Cemento, la lunga ricerca di Karen Scrivener al Politecnico di Losanna

Karen Scrivener, a capo del Laboratorio di Materiali da Costruzione della Facoltà di Ingegneria dell’EPFL, studia il calcestruzzo da quarant’anni. Costruiamo moltissimo con il calcestruzzo, eppure ne sappiamo ancora troppo poco. “Sembra così semplice: mescoliamo una polvere grigia con acqua ed ecco pronto un materiale da costruzione stabile”, ha spiegato la scienziata britannica in un’intervista rilasciata lo scorso anno. Nella produzione del calcestruzzo, pero, “avvengono reazioni chimiche complesse”, che vanno indagate più a fondo.

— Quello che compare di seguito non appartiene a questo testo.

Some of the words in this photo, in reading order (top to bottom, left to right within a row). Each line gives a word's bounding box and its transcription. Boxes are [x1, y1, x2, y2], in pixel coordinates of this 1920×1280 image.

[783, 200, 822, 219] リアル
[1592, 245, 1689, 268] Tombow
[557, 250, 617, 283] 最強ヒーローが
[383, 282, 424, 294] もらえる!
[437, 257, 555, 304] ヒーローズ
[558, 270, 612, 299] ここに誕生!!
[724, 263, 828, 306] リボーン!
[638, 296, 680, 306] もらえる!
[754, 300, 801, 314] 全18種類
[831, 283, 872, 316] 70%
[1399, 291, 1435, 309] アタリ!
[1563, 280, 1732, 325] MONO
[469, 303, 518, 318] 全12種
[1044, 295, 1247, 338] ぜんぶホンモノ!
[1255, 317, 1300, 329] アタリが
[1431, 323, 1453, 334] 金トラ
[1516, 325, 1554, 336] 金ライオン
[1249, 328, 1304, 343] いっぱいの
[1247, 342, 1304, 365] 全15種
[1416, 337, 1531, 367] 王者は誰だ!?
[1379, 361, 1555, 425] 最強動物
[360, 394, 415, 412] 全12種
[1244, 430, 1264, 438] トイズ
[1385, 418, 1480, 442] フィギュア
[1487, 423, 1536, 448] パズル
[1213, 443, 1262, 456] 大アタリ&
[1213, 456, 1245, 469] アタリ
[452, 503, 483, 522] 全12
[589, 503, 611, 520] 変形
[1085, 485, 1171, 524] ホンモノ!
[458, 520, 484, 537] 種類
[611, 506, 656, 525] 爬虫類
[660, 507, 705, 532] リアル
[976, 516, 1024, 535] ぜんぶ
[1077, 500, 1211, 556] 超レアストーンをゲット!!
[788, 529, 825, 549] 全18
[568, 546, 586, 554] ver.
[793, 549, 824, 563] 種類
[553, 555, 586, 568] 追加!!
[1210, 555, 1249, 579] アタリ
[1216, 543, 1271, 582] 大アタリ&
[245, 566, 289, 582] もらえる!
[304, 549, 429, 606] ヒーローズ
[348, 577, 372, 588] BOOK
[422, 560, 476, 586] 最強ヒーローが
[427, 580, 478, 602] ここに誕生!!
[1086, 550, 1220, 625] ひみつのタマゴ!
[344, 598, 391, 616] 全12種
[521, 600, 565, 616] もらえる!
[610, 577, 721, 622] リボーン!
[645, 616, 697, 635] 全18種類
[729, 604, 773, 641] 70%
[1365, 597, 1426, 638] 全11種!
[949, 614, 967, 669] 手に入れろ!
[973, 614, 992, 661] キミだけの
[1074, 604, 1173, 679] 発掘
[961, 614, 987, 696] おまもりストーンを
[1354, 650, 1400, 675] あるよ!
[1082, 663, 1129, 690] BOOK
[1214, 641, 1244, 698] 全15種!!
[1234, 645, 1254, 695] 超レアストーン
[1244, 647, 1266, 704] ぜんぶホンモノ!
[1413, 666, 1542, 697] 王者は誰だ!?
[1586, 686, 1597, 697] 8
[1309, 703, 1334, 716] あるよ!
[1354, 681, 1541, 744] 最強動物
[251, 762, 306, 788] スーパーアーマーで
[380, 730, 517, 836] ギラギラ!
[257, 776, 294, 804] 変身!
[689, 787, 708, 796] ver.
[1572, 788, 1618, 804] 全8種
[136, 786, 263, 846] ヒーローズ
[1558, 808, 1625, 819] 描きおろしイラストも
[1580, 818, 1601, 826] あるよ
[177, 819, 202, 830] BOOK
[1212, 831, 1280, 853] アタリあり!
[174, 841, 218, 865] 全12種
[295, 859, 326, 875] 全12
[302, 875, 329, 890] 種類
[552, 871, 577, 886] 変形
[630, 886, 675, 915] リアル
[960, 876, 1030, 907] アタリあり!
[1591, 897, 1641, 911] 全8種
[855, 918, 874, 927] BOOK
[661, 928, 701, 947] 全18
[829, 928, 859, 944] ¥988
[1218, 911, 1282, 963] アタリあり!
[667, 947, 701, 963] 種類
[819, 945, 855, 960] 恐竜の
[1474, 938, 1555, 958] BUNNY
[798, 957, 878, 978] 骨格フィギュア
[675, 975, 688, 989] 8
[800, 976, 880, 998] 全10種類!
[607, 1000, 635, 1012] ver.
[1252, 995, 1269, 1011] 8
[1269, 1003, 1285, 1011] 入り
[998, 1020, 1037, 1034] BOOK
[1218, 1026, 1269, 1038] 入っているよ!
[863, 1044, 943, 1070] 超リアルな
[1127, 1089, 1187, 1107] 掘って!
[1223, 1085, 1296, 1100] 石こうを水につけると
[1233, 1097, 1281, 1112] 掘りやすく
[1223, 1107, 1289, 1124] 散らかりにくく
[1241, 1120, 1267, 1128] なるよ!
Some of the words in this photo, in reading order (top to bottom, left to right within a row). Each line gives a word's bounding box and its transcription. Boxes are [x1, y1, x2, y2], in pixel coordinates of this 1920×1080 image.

Nella sua lunga carriera accademica, la ricercatrice ha fatto molto per colmare queste lacune, concentrandosi sul miglioramento delle proprietà meccaniche e ambientali del calcestruzzo: nell’ambito degli sforzi globali per la riduzione delle emissioni di gas serra, un lavoro sistematico sul calcestruzzo è più importante che mai.

La Scrivener e il suo team multidisciplinare dell’EPFL, insieme a partner industriali e legati al mondo della ricerca, hanno infine trovato un brillante sostituto per il calcestruzzo “tradizionale”: è il Limestone Calcined Clay Cement, abbreviato LC3, un’argilla calcinata che non emette CO2 e cuoce a soli 800 gradi centigradi (contro i 1.450° C del procedimento classico).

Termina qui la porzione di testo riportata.